### MATERIAL SUPPLIED
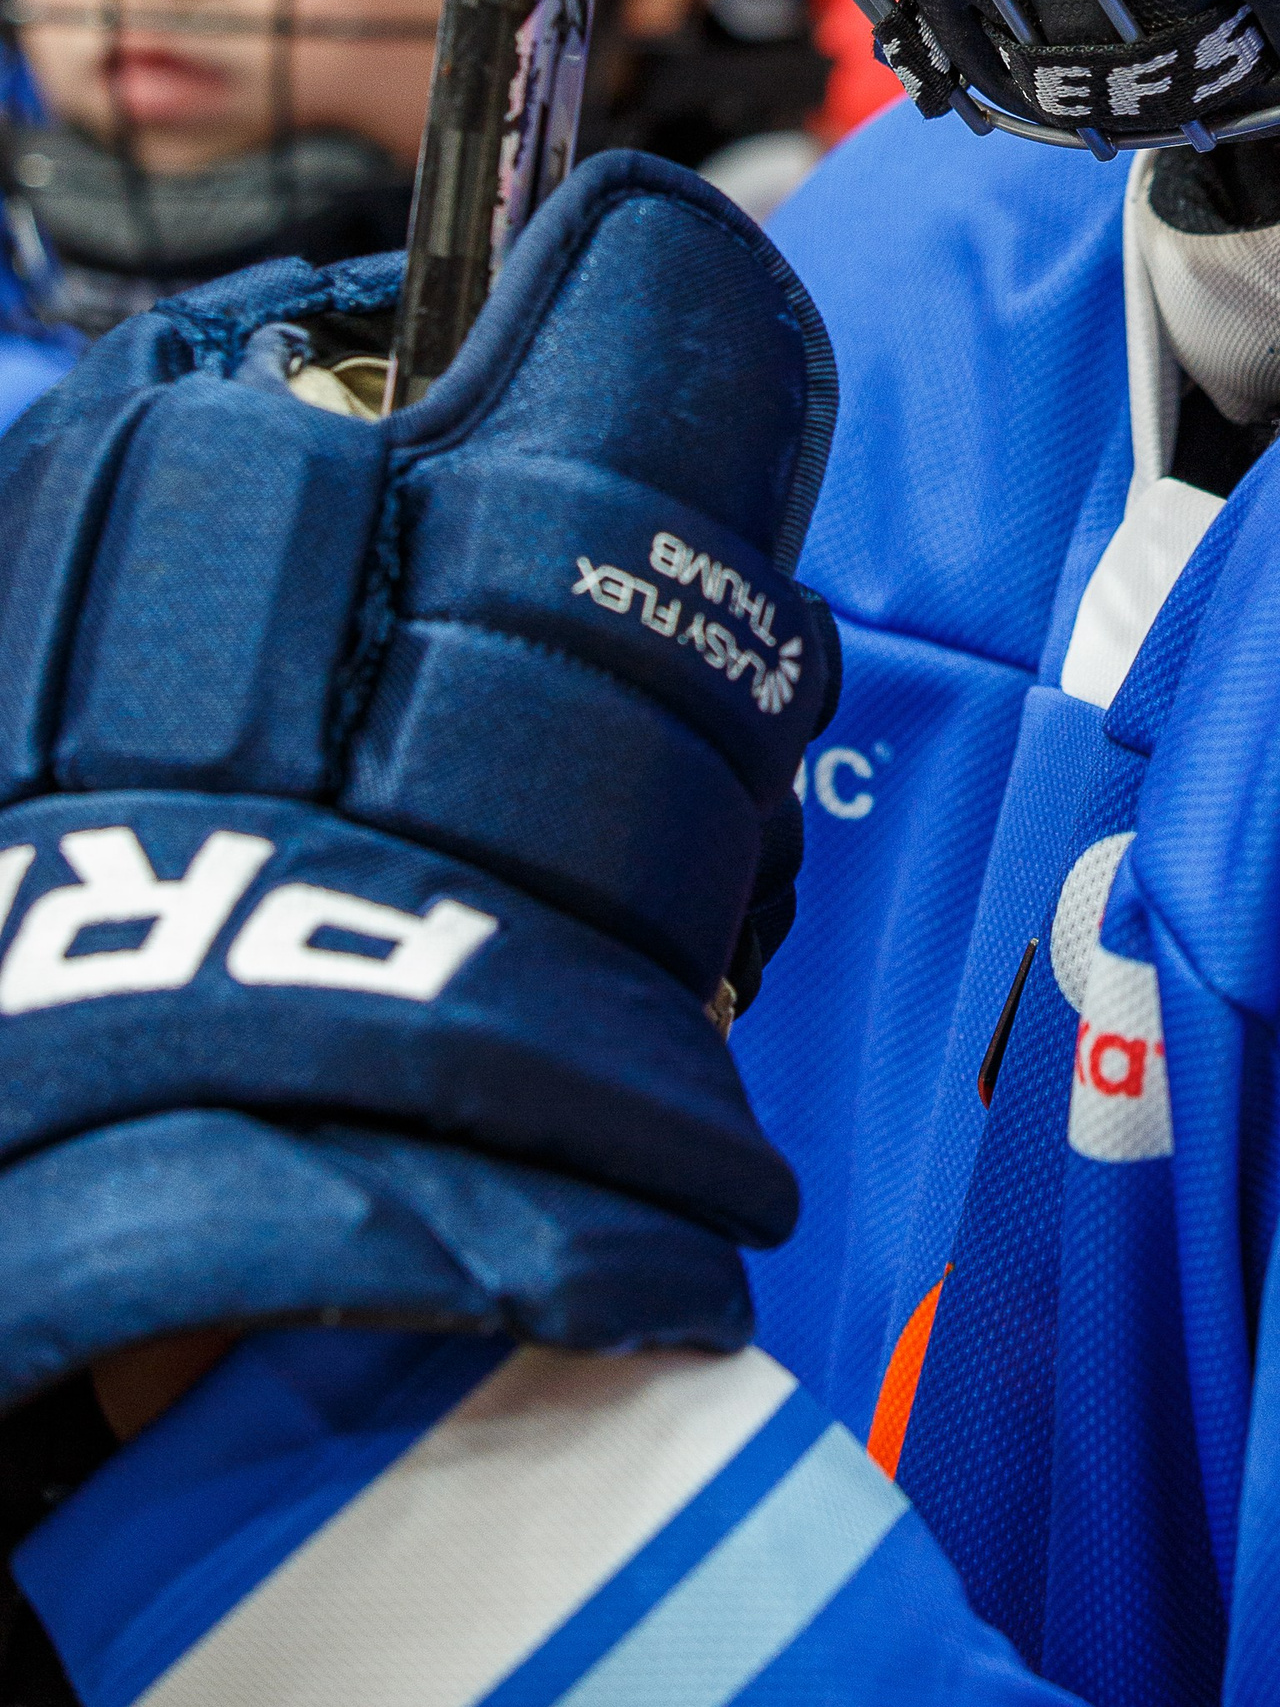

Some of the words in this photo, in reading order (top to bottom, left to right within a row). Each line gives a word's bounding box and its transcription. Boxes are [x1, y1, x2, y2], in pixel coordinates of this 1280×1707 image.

[571, 555, 683, 639] FLEX
[649, 531, 777, 647] THUMB
[0, 826, 498, 1015] PR
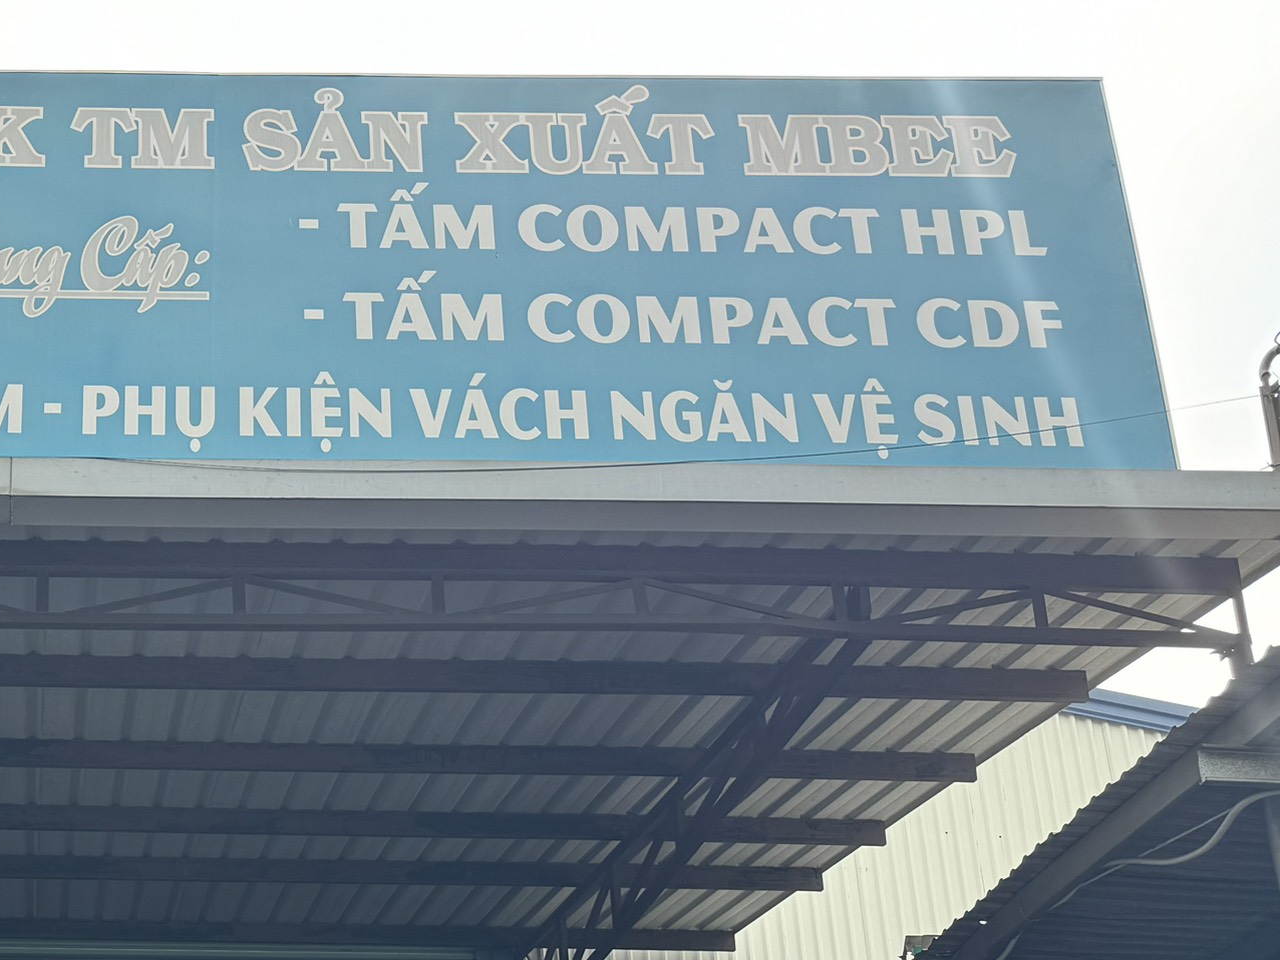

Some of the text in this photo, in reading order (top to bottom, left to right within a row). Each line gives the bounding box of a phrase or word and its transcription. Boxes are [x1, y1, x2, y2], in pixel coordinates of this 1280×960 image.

[71, 107, 216, 171] TM
[242, 87, 428, 173] SẢN
[454, 84, 715, 176] XUẤT
[737, 113, 1018, 178] MBEE
[337, 182, 496, 250] TẤM
[518, 203, 880, 255] COMPACT
[901, 208, 1048, 257] HPL
[80, 215, 212, 314] Cấp:
[342, 270, 505, 342] TẤM
[526, 292, 897, 348] COMPACT
[916, 297, 1064, 350] CDF
[81, 384, 217, 453] PHỤ
[238, 371, 393, 454] KIỆN
[409, 372, 590, 441] VÁCH
[609, 378, 800, 444] NGĂN
[811, 378, 901, 460] VỆ
[914, 393, 1086, 449] SINH

### EXERCISE DIRECTIONS
Repeat each line above exactly. The pictures stay out.

### TASK RESULT
Some of the words in this photo, in reading order (top to bottom, left to right within a row). Each line gives a word's bounding box and its transcription. Boxes are [x1, y1, x2, y2], in pixel coordinates of this 1280×1707 image.

[571, 555, 683, 639] FLEX
[649, 531, 777, 647] THUMB
[0, 826, 498, 1015] PR

Some of the text in this photo, in reading order (top to bottom, left to right within a row). Each line gives the bounding box of a phrase or word and its transcription. Boxes are [x1, y1, x2, y2], in pixel coordinates of this 1280×960 image.

[71, 107, 216, 171] TM
[242, 87, 428, 173] SẢN
[454, 84, 715, 176] XUẤT
[737, 113, 1018, 178] MBEE
[337, 182, 496, 250] TẤM
[518, 203, 880, 255] COMPACT
[901, 208, 1048, 257] HPL
[80, 215, 212, 314] Cấp:
[342, 270, 505, 342] TẤM
[526, 292, 897, 348] COMPACT
[916, 297, 1064, 350] CDF
[81, 384, 217, 453] PHỤ
[238, 371, 393, 454] KIỆN
[409, 372, 590, 441] VÁCH
[609, 378, 800, 444] NGĂN
[811, 378, 901, 460] VỆ
[914, 393, 1086, 449] SINH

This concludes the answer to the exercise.